Phrase grounding data
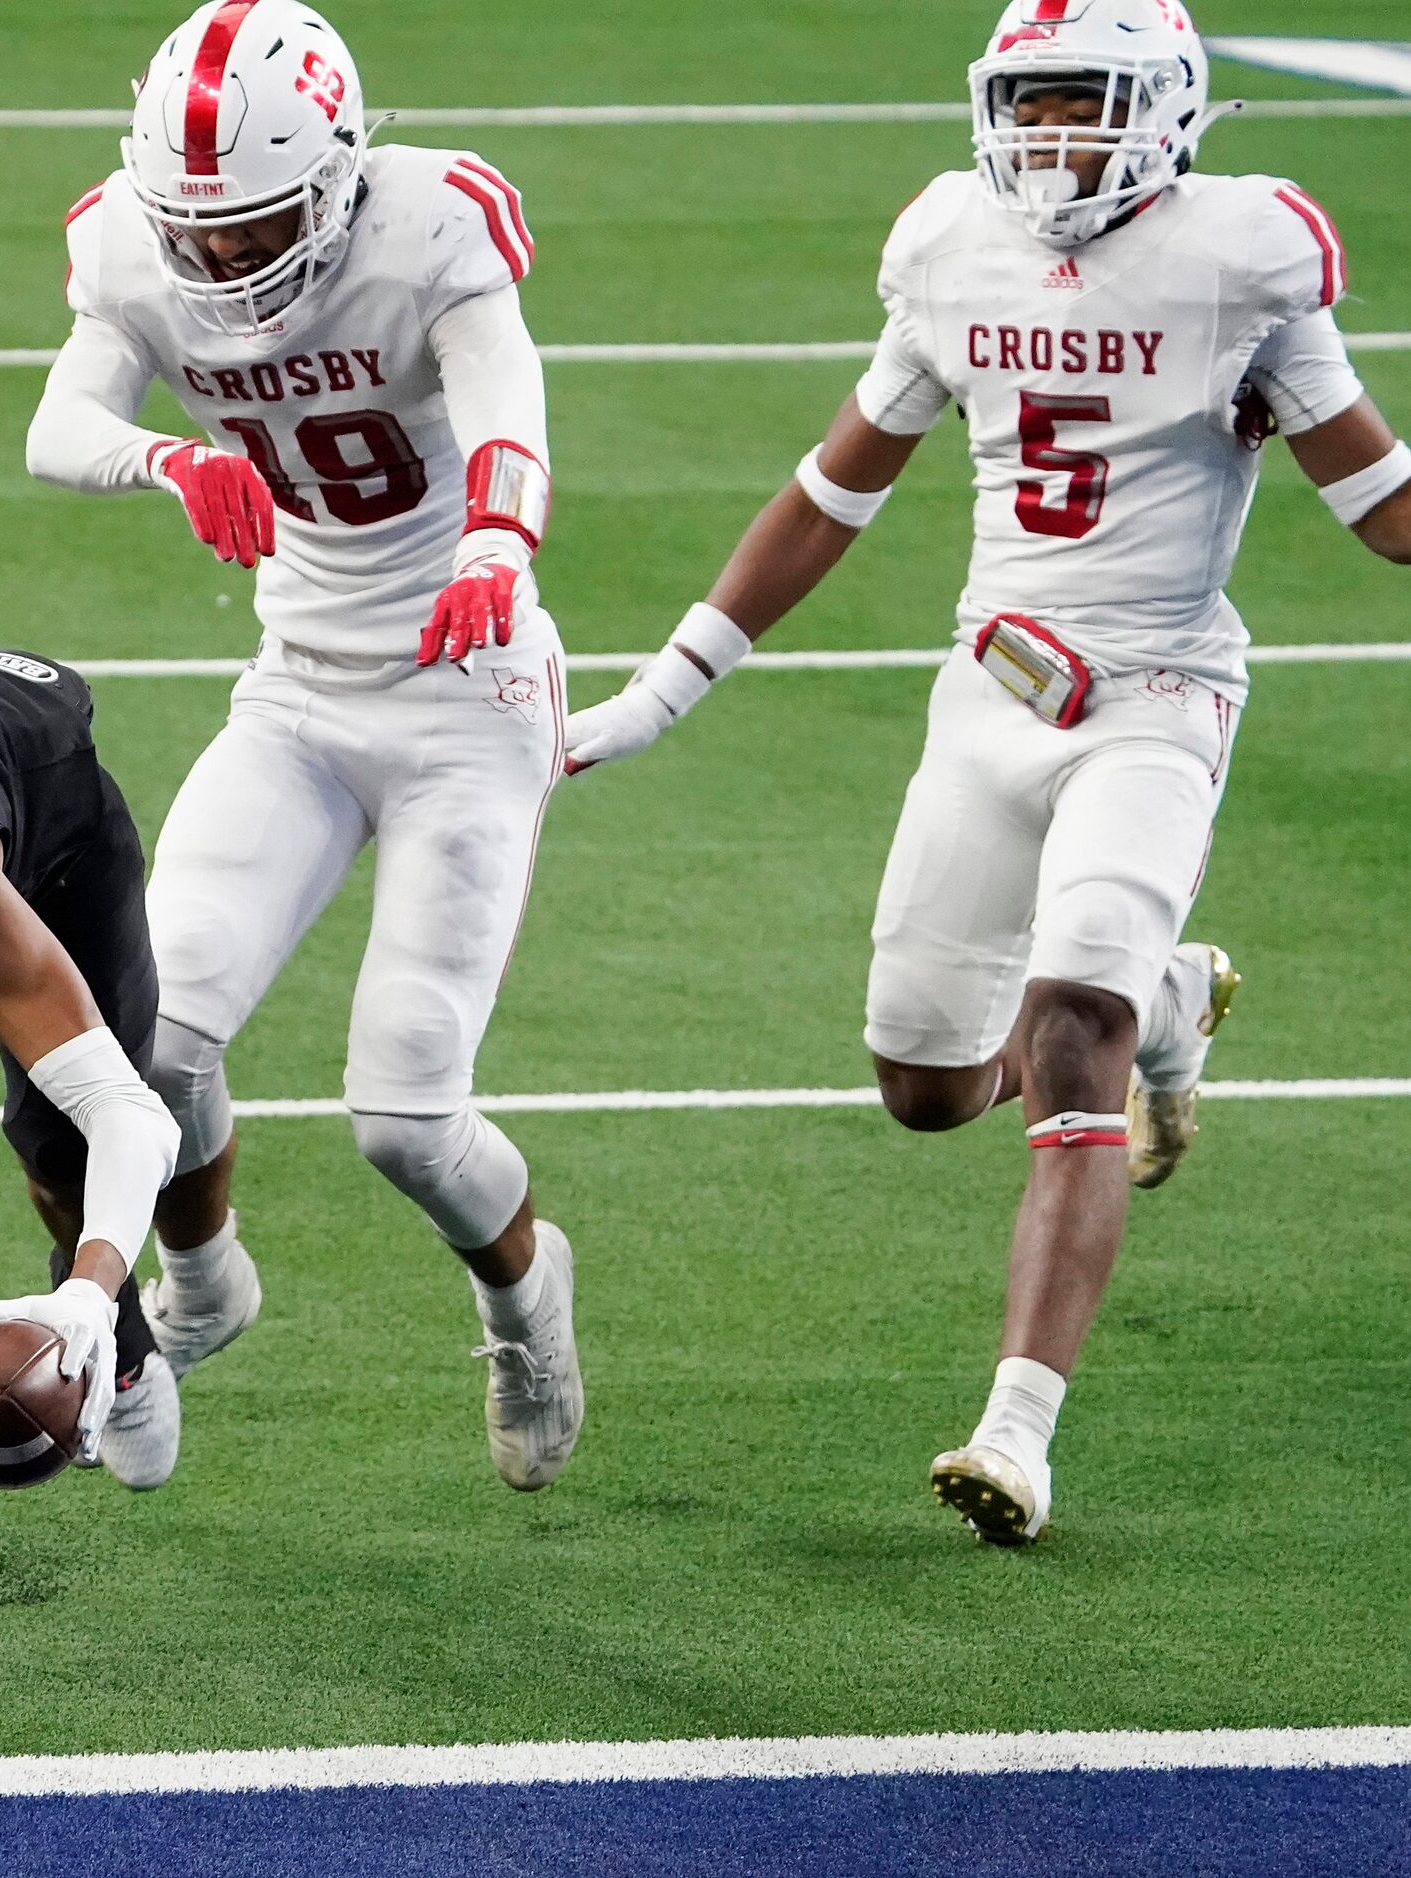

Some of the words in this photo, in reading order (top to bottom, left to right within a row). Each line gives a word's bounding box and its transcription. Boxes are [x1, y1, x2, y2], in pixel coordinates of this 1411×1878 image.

[179, 181, 225, 196] EAT-TNT
[1041, 277, 1085, 290] adidas
[182, 348, 387, 402] CROSBY
[968, 323, 1164, 375] CROSBY
[219, 408, 429, 526] 19
[1014, 389, 1112, 540] 5
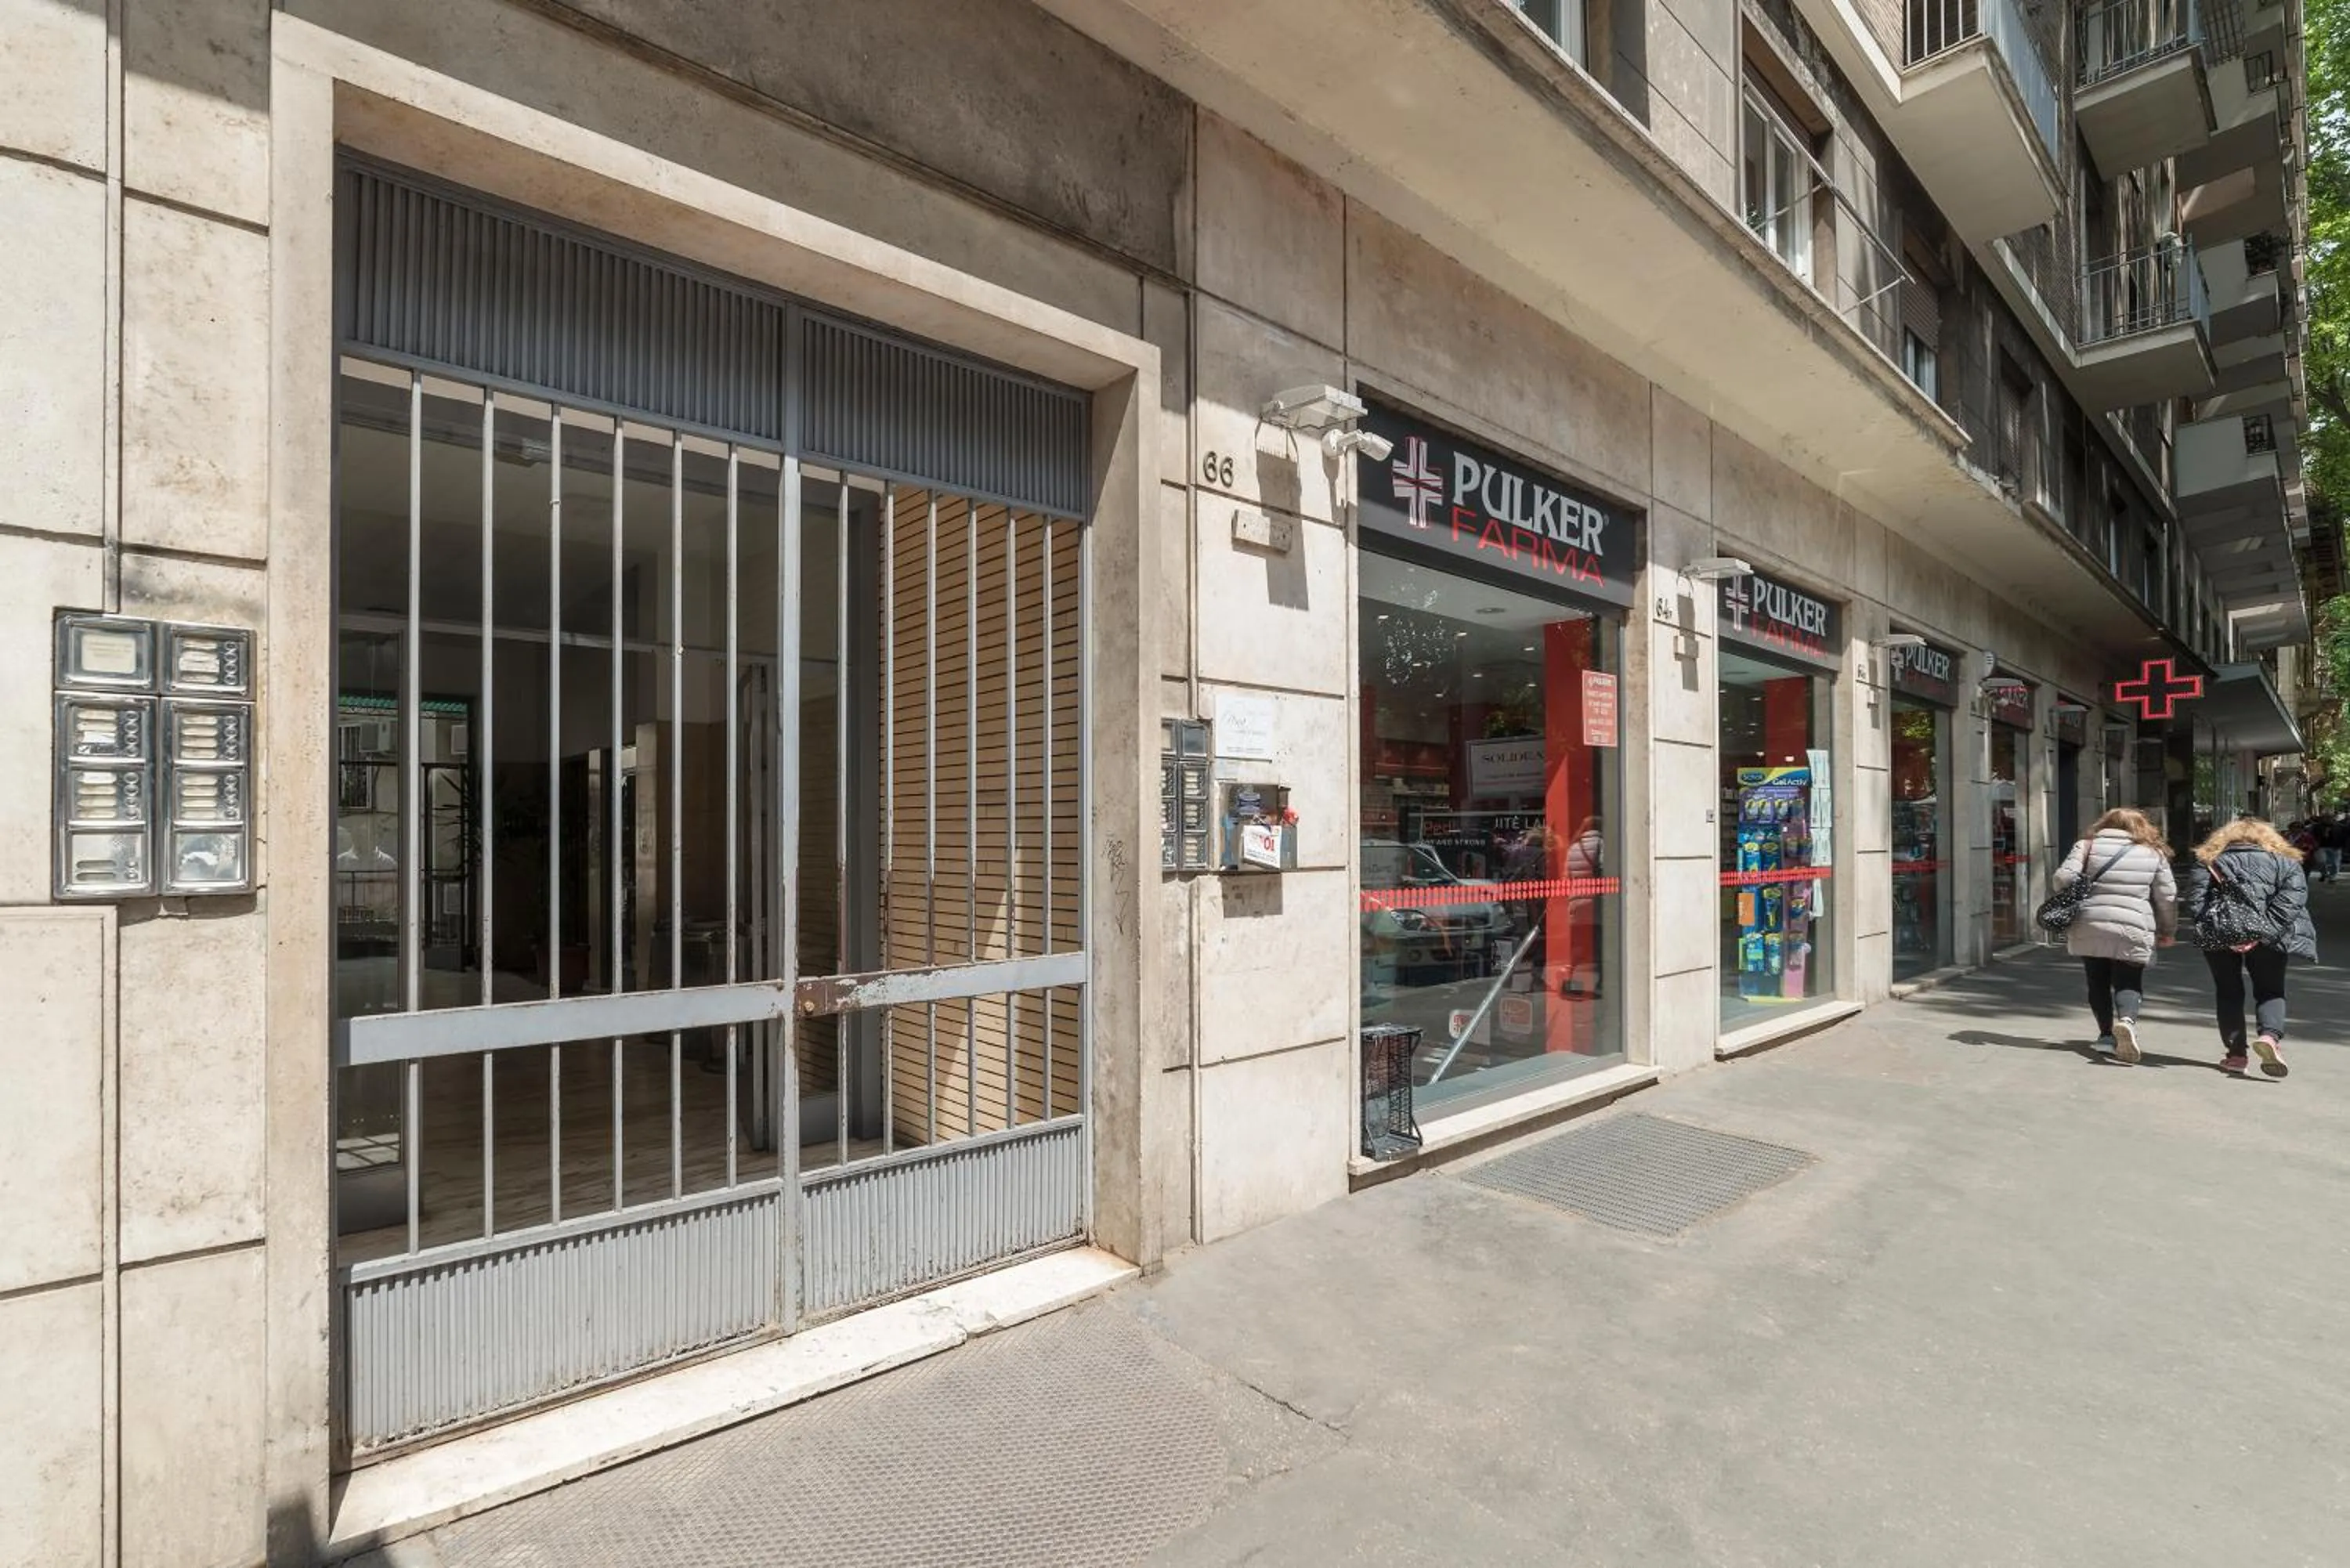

_Work to be completed_
Give back each line above verbatim, dropping every picture.

_Result of this exercise_
Some of the words in this photo, in reading order (top to bottom, left to right within a row). Each line gives a word's bounding box and its transcription. Boxes are [x1, y1, x2, y2], in pixel coordinates of this 1411×1878 image.

[179, 181, 225, 196] EAT-TNT
[1041, 277, 1085, 290] adidas
[182, 348, 387, 402] CROSBY
[968, 323, 1164, 375] CROSBY
[219, 408, 429, 526] 19
[1014, 389, 1112, 540] 5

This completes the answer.